§ **The task**
The records that follow should be retyped word for word.

§ **Data provided**
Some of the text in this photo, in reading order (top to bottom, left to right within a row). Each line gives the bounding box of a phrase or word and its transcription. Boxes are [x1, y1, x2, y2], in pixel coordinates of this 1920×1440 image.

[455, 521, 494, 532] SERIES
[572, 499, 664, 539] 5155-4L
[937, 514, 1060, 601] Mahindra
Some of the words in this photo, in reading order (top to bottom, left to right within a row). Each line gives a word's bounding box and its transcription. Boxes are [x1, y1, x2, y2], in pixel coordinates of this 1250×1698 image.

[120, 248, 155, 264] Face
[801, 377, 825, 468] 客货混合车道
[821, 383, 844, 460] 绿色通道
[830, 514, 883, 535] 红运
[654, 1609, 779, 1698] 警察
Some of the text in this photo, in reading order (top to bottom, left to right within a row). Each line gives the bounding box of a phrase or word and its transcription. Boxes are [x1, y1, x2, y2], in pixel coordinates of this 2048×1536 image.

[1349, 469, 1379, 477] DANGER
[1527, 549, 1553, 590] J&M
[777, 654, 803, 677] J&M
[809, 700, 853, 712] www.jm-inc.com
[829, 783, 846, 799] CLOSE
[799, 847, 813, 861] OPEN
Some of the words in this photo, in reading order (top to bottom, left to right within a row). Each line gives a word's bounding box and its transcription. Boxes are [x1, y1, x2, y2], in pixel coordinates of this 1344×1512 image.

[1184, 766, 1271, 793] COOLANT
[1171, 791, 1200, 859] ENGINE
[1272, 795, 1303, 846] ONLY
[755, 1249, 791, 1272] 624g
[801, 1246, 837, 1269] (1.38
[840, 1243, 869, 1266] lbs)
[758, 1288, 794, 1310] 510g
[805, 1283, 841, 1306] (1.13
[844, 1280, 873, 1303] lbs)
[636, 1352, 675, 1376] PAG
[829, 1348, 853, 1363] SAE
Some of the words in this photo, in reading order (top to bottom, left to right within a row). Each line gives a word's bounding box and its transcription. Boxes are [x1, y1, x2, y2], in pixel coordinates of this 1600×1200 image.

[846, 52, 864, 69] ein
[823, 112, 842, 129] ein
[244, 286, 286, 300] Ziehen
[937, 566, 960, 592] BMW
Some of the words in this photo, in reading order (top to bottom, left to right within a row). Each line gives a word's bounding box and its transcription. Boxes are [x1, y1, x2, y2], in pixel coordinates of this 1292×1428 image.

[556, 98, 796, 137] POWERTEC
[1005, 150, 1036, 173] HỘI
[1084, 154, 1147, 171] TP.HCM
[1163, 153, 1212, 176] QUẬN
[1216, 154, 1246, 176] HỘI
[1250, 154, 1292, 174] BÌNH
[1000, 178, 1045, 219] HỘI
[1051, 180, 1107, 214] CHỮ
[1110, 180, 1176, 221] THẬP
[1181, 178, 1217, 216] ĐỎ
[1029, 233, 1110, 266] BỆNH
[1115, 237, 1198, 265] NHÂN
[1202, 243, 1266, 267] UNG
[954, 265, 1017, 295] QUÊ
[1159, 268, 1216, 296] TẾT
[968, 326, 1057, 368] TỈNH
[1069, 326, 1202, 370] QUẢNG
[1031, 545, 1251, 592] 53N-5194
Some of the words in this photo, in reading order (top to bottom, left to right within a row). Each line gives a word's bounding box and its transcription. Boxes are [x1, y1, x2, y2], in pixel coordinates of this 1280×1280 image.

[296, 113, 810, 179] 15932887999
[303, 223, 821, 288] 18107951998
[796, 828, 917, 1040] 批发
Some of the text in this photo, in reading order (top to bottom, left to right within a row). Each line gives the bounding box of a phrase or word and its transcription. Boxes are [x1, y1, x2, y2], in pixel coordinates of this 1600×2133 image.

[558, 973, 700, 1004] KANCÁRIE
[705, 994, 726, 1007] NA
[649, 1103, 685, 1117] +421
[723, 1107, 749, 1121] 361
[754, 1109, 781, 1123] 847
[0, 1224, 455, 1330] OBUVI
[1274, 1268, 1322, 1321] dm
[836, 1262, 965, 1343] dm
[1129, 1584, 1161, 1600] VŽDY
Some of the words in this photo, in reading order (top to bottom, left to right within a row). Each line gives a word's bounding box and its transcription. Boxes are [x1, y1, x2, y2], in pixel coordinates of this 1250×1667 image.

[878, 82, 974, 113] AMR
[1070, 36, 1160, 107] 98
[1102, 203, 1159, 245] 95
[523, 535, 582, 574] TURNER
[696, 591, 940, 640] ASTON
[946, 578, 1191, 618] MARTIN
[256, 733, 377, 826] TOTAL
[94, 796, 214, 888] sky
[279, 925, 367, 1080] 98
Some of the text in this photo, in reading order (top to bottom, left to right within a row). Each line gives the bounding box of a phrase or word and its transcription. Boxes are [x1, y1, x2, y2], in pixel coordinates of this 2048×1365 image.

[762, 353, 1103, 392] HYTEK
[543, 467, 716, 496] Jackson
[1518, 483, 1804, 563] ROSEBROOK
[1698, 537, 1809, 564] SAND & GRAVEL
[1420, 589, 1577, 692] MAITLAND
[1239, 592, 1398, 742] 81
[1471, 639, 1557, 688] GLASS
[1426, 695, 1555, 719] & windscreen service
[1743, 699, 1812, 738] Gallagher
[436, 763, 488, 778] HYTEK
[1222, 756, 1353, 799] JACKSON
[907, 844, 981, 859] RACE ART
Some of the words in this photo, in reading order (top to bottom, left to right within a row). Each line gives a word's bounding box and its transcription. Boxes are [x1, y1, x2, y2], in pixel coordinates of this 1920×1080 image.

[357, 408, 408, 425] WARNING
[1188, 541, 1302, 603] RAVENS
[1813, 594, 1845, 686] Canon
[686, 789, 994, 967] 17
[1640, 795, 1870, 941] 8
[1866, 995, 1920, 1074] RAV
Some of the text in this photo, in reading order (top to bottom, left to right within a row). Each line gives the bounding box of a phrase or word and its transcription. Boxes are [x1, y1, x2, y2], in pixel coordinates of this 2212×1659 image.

§ **Written response**
Some of the text in this photo, in reading order (top to bottom, left to right within a row). Each line gives the bounding box of a phrase or word and its transcription. Boxes are [x1, y1, x2, y2], in pixel coordinates of this 1920×1440 image.

[455, 521, 494, 532] SERIES
[572, 499, 664, 539] 5155-4L
[937, 514, 1060, 601] Mahindra
Some of the words in this photo, in reading order (top to bottom, left to right within a row). Each line gives a word's bounding box and its transcription. Boxes are [x1, y1, x2, y2], in pixel coordinates of this 1250×1698 image.

[120, 248, 155, 264] Face
[801, 377, 825, 468] 客货混合车道
[821, 383, 844, 460] 绿色通道
[830, 514, 883, 535] 红运
[654, 1609, 779, 1698] 警察
Some of the text in this photo, in reading order (top to bottom, left to right within a row). Each line gives the bounding box of a phrase or word and its transcription. Boxes are [x1, y1, x2, y2], in pixel coordinates of this 2048×1536 image.

[1349, 469, 1379, 477] DANGER
[1527, 549, 1553, 590] J&M
[777, 654, 803, 677] J&M
[809, 700, 853, 712] www.jm-inc.com
[829, 783, 846, 799] CLOSE
[799, 847, 813, 861] OPEN
Some of the words in this photo, in reading order (top to bottom, left to right within a row). Each line gives a word's bounding box and its transcription. Boxes are [x1, y1, x2, y2], in pixel coordinates of this 1344×1512 image.

[1184, 766, 1271, 793] COOLANT
[1171, 791, 1200, 859] ENGINE
[1272, 795, 1303, 846] ONLY
[755, 1249, 791, 1272] 624g
[801, 1246, 837, 1269] (1.38
[840, 1243, 869, 1266] lbs)
[758, 1288, 794, 1310] 510g
[805, 1283, 841, 1306] (1.13
[844, 1280, 873, 1303] lbs)
[636, 1352, 675, 1376] PAG
[829, 1348, 853, 1363] SAE
Some of the words in this photo, in reading order (top to bottom, left to right within a row). Each line gives a word's bounding box and its transcription. Boxes are [x1, y1, x2, y2], in pixel coordinates of this 1600×1200 image.

[846, 52, 864, 69] ein
[823, 112, 842, 129] ein
[244, 286, 286, 300] Ziehen
[937, 566, 960, 592] BMW
Some of the words in this photo, in reading order (top to bottom, left to right within a row). Each line gives a word's bounding box and its transcription. Boxes are [x1, y1, x2, y2], in pixel coordinates of this 1292×1428 image.

[556, 98, 796, 137] POWERTEC
[1005, 150, 1036, 173] HỘI
[1084, 154, 1147, 171] TP.HCM
[1163, 153, 1212, 176] QUẬN
[1216, 154, 1246, 176] HỘI
[1250, 154, 1292, 174] BÌNH
[1000, 178, 1045, 219] HỘI
[1051, 180, 1107, 214] CHỮ
[1110, 180, 1176, 221] THẬP
[1181, 178, 1217, 216] ĐỎ
[1029, 233, 1110, 266] BỆNH
[1115, 237, 1198, 265] NHÂN
[1202, 243, 1266, 267] UNG
[954, 265, 1017, 295] QUÊ
[1159, 268, 1216, 296] TẾT
[968, 326, 1057, 368] TỈNH
[1069, 326, 1202, 370] QUẢNG
[1031, 545, 1251, 592] 53N-5194
Some of the words in this photo, in reading order (top to bottom, left to right within a row). Each line gives a word's bounding box and its transcription. Boxes are [x1, y1, x2, y2], in pixel coordinates of this 1280×1280 image.

[296, 113, 810, 179] 15932887999
[303, 223, 821, 288] 18107951998
[796, 828, 917, 1040] 批发
Some of the text in this photo, in reading order (top to bottom, left to right within a row). Each line gives the bounding box of a phrase or word and its transcription. Boxes are [x1, y1, x2, y2], in pixel coordinates of this 1600×2133 image.

[558, 973, 700, 1004] KANCÁRIE
[705, 994, 726, 1007] NA
[649, 1103, 685, 1117] +421
[723, 1107, 749, 1121] 361
[754, 1109, 781, 1123] 847
[0, 1224, 455, 1330] OBUVI
[1274, 1268, 1322, 1321] dm
[836, 1262, 965, 1343] dm
[1129, 1584, 1161, 1600] VŽDY
Some of the words in this photo, in reading order (top to bottom, left to right within a row). Each line gives a word's bounding box and its transcription. Boxes are [x1, y1, x2, y2], in pixel coordinates of this 1250×1667 image.

[878, 82, 974, 113] AMR
[1070, 36, 1160, 107] 98
[1102, 203, 1159, 245] 95
[523, 535, 582, 574] TURNER
[696, 591, 940, 640] ASTON
[946, 578, 1191, 618] MARTIN
[256, 733, 377, 826] TOTAL
[94, 796, 214, 888] sky
[279, 925, 367, 1080] 98
Some of the text in this photo, in reading order (top to bottom, left to right within a row). Each line gives the bounding box of a phrase or word and its transcription. Boxes are [x1, y1, x2, y2], in pixel coordinates of this 2048×1365 image.

[762, 353, 1103, 392] HYTEK
[543, 467, 716, 496] Jackson
[1518, 483, 1804, 563] ROSEBROOK
[1698, 537, 1809, 564] SAND & GRAVEL
[1420, 589, 1577, 692] MAITLAND
[1239, 592, 1398, 742] 81
[1471, 639, 1557, 688] GLASS
[1426, 695, 1555, 719] & windscreen service
[1743, 699, 1812, 738] Gallagher
[436, 763, 488, 778] HYTEK
[1222, 756, 1353, 799] JACKSON
[907, 844, 981, 859] RACE ART
Some of the words in this photo, in reading order (top to bottom, left to right within a row). Each line gives a word's bounding box and its transcription. Boxes are [x1, y1, x2, y2], in pixel coordinates of this 1920×1080 image.

[357, 408, 408, 425] WARNING
[1188, 541, 1302, 603] RAVENS
[1813, 594, 1845, 686] Canon
[686, 789, 994, 967] 17
[1640, 795, 1870, 941] 8
[1866, 995, 1920, 1074] RAV
Some of the text in this photo, in reading order (top to bottom, left to right within a row). Each line gives the bounding box of a phrase or word and its transcription. Boxes are [x1, y1, x2, y2], in pixel coordinates of this 2212×1659 image.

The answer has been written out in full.